Arrow-right Camera
The Spokesman-Review Newspaper
Spokane, Washington  Est. May 19, 1883

Districts walled off in Baghdad

Edmund Sanders Los Angeles Times

BAGHDAD – A U.S. military brigade is constructing a three-mile-long concrete wall to cut off one of the capital’s most restive Sunni Arab districts from the Shiite Muslim neighborhoods that surround it, raising concern about the further Balkanization of Iraq’s most populous and violent city.

U.S. commanders in northern Baghdad say the 12-foot-high barrier will make it more difficult for suicide bombers, death squads and militia fighters from sectarian factions to attack one another and slip back to their home turf. Construction began last week and is expected to be completed by the end of the month.

Although Baghdad is replete with blast walls, checkpoints and other temporary barriers, including a massive wall around the Green Zone, the wall being constructed in Adhamiya would be the first to essentially divide a neighborhood by sect.

A largely Sunni district, Adhamiya is one of Baghdad’s flashpoints, avoided by not only Shiites, but Sunni outsiders. The area is almost completely surrounded by Shiite-dominated districts.

The ambitious project is a sign of how far the U.S. military will go to end the nonstop bloodshed in Iraq. But U.S. officials said the barrier is not a central tactic of the ongoing U.S.-Iraqi security crackdown announced Feb. 13.

“We defer to commanders on the ground, but dividing up the entire city with barriers is not part of the plan,” U.S. military spokesman Lt. Col. Christopher Garver said Thursday.

News of the barrier construction was first reported Thursday by the newspaper Stars and Stripes.

Sunnis and Shiites living in the shadow of the barrier are united in their contempt for the imposing new structure.

“Are they trying to divide us into different sectarian cantons?” said a Sunni drugstore owner in Adhamiya, who identified himself as Abu Ahmed, 44. “This will deepen the sectarian strife and only serve to abort efforts aimed at reconciliation.”

Some of Ahmed’s customers come from Shiite or mixed neighborhoods that are now cut off by large barriers along a main highway. Customers and others seeking to cross into the Sunni district must park their cars outside Adhamiya, walk through a narrow pedestrian passage in the walls and catch taxis on the other side.

Several residents interviewed likened the project to the massive barriers built around some Palestinians zones in Israel.

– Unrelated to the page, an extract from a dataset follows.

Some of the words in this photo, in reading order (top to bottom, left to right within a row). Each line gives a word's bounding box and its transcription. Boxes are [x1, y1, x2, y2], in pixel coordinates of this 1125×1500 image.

“Are we in the West Bank?” asked Abu Qusay, 48, a pharmacist who said that access to his favorite kebab restaurant in Adhamiya has been cut off.

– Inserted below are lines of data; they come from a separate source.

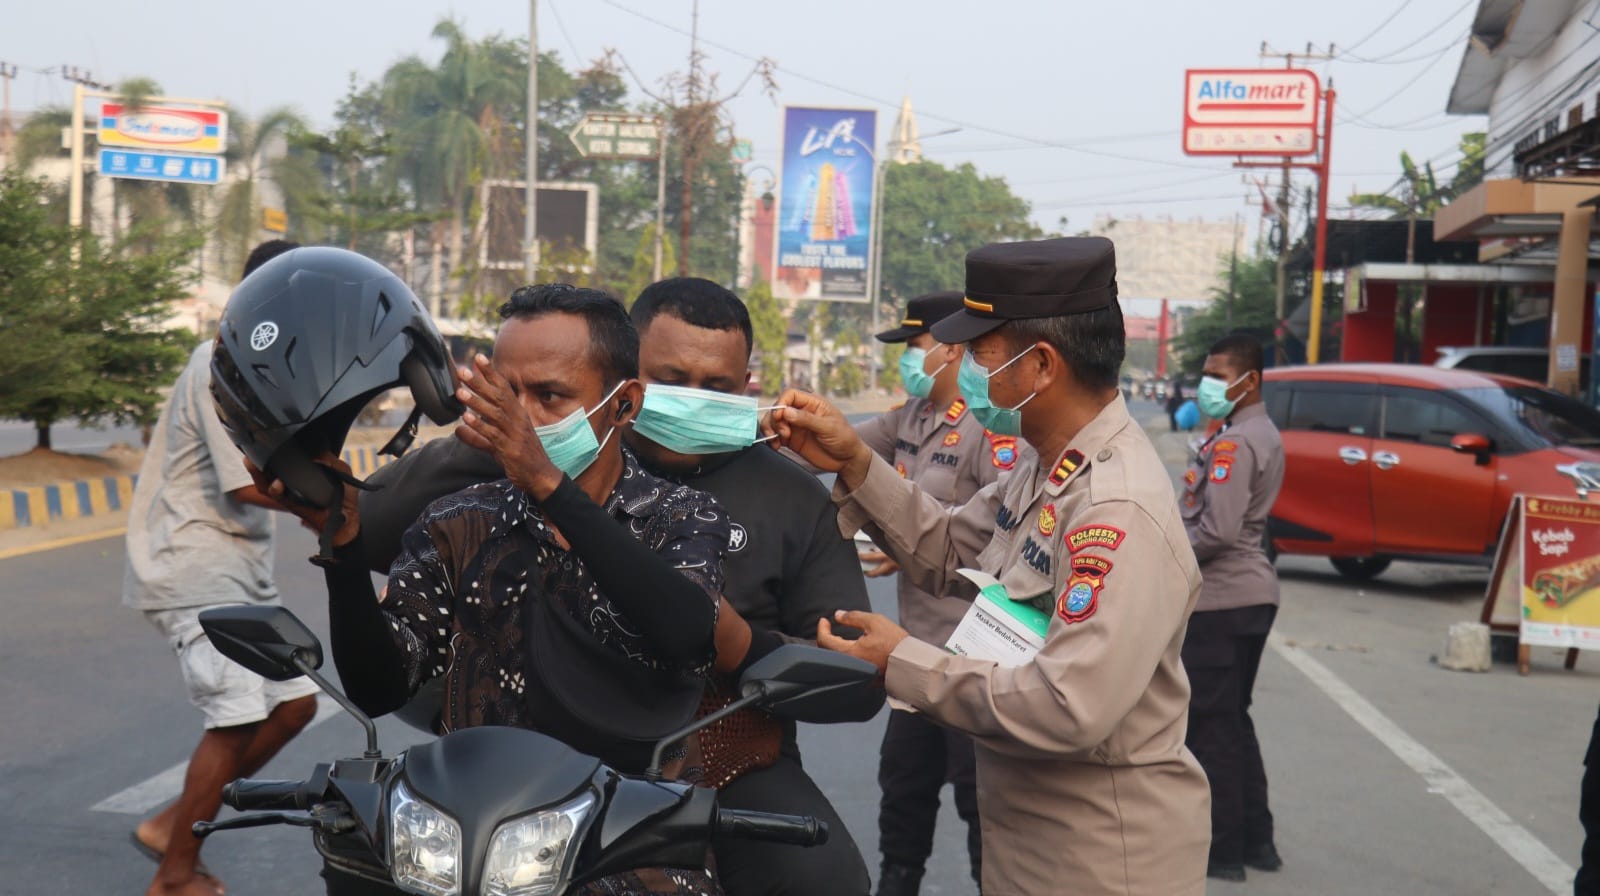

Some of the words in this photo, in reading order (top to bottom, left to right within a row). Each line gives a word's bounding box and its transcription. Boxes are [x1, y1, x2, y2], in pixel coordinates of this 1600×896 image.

[1197, 80, 1306, 100] Alfamart
[931, 452, 959, 467] POLRI
[1070, 528, 1118, 546] POLRESTA
[1531, 528, 1576, 545] Kebab
[1539, 541, 1569, 558] Sapi
[976, 612, 996, 629] Masker
[995, 626, 1012, 642] Bedah

Residents complained that Baghdad has already been dissected by hundreds of barriers that cause daily traffic snarls.

Some predicted the new wall would become a target of militants on both sides. Last week, construction crews came under small-arms fire, military officials said.

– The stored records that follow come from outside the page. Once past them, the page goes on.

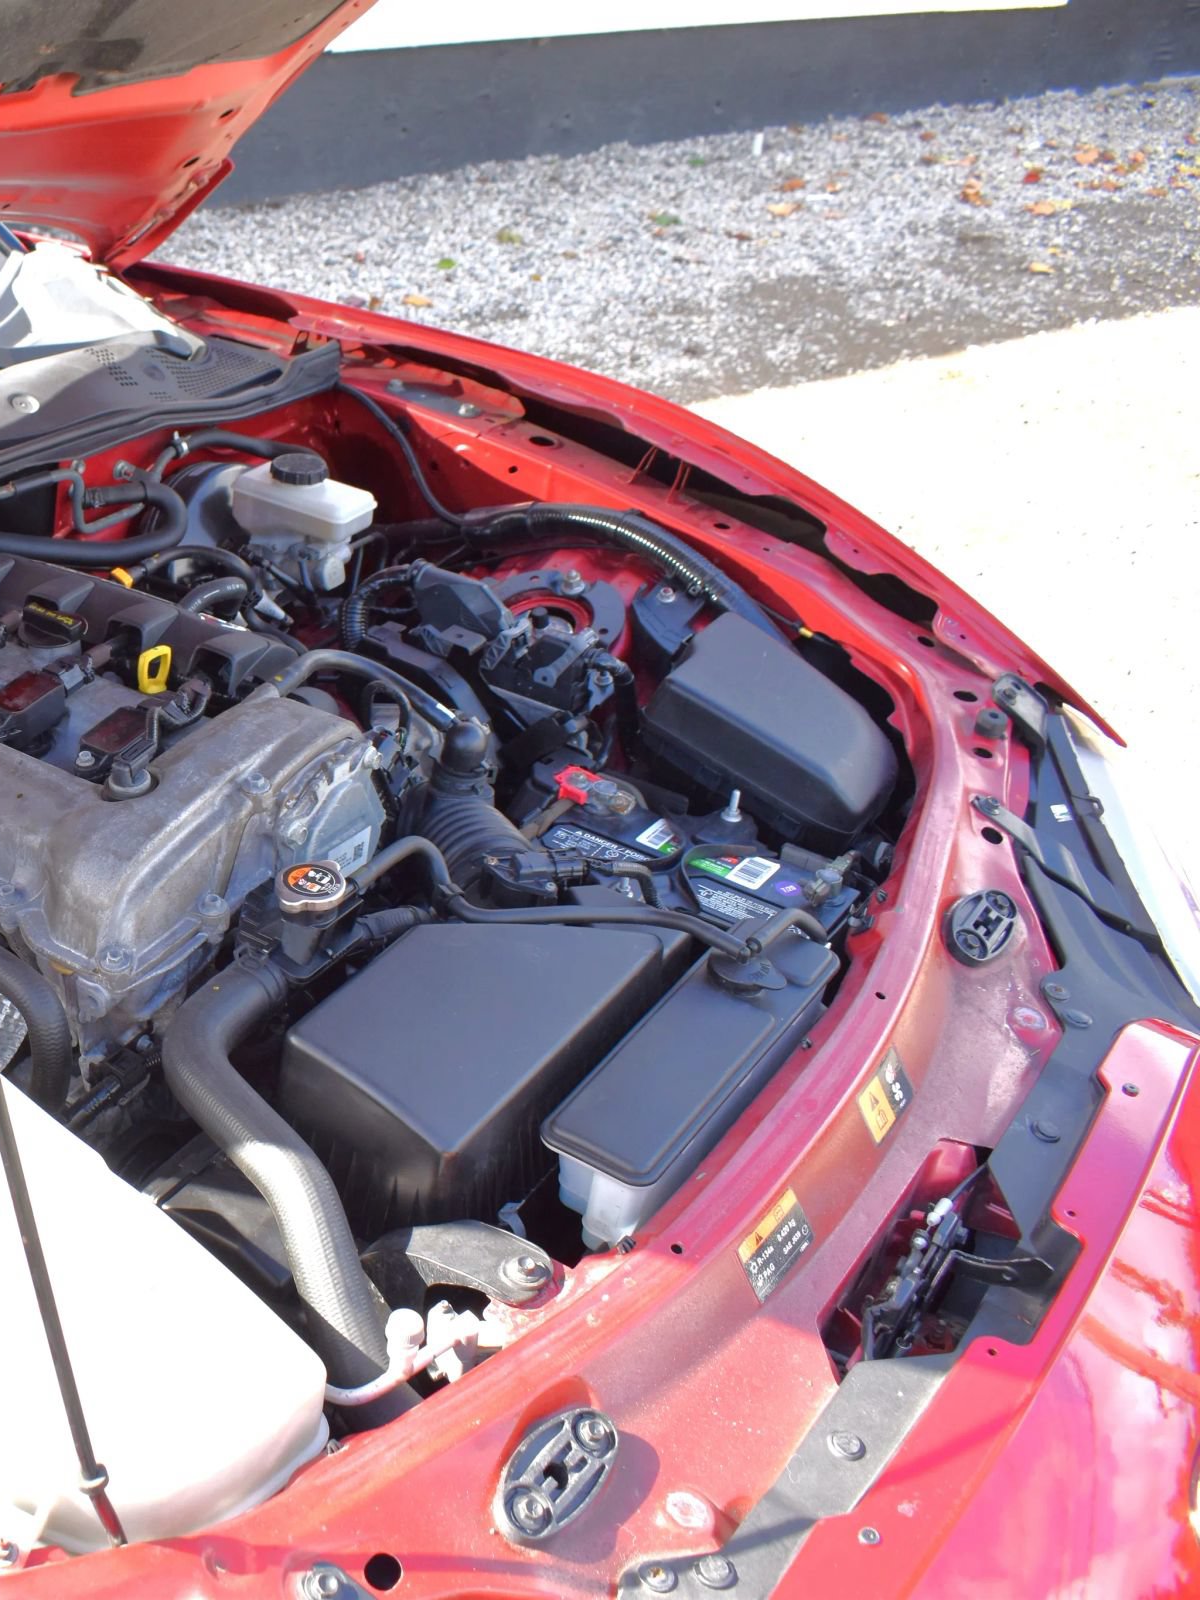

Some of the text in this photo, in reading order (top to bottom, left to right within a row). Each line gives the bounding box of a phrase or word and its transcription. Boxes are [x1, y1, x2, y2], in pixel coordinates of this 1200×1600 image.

[583, 833, 618, 849] DANGER
[624, 849, 650, 861] POISO
[757, 1245, 774, 1266] R-134a
[763, 1262, 775, 1279] PAG
[783, 1241, 793, 1255] SAE

“I feel this is the beginning of a pattern of what the whole of Iraq is going to look like, divided by sectarian and racial criteria,” said Abu Marwan, 50, a Shiite pharmacist.

Marwan lives on a predominantly Shiite side of the wall, but works in the Sunni district.

Najim Sadoon, 51, worried he will lose customers at his housewares store. “This closure of the street will have severe economic hardships,” he said. “Transportation fees will increase. Customers who used to come here in their cars will now prefer to go other places.”

Majid Fadhil, 43, a Shiite police commissioner in a neighborhood north of the wall, said flatly, “This fence is not going to work.”

Pentagon officials first broached the idea of creating “gated communities” earlier this year.

But more recently, military officials have emphasized political negotiation as well as heightened troop presence as a way to stem sectarian conflict.

On a tour of the Middle East this week, U.S. Defense Secretary Robert M. Gates repeatedly struck chords of unity and reconciliation. He is expected to meet with sectarian leaders and government officials in Baghdad today.

The construction in Adhamiya is not the first time U.S. military planners have attempted to isolate hostile regions. In 2005, U.S. troops tried to surround the Sunni-dominated city of Samarra with earthen berms to prevent insurgents from entering and leaving the city. A similar strategy was deployed to contain Tall Afar. Experiments with less extensive walls and trenches have also been attempted in Baghdad and Kirkuk.

The latest project is the work of the 407th Brigade Support Battalion, part of the 82nd Airborne Division, based in northern Baghdad’s Camp Taji. Since April 10, soldiers have ventured out almost nightly after curfew, overseeing installation of the 14,000-pound wall segments, using giant construction cranes and employing Iraqi crews, said Army Sgt. Michael Pryor, a public affairs specialist for the unit.

Soldiers have dubbed the project the “The Great Wall of Adhamiya.” Commanders in the 82nd Airborne could not be reached for comment Thursday.

In a news release earlier this week, military officials said the project was intended to protect citizens on both sides.

“(The wall) is on a fault line of Sunni and Shia, and the idea is to curb some of the self-sustaining violence by controlling who has access to the neighborhoods,” Army Capt. Marc Sanborn, brigade engineer for the project, said in the release.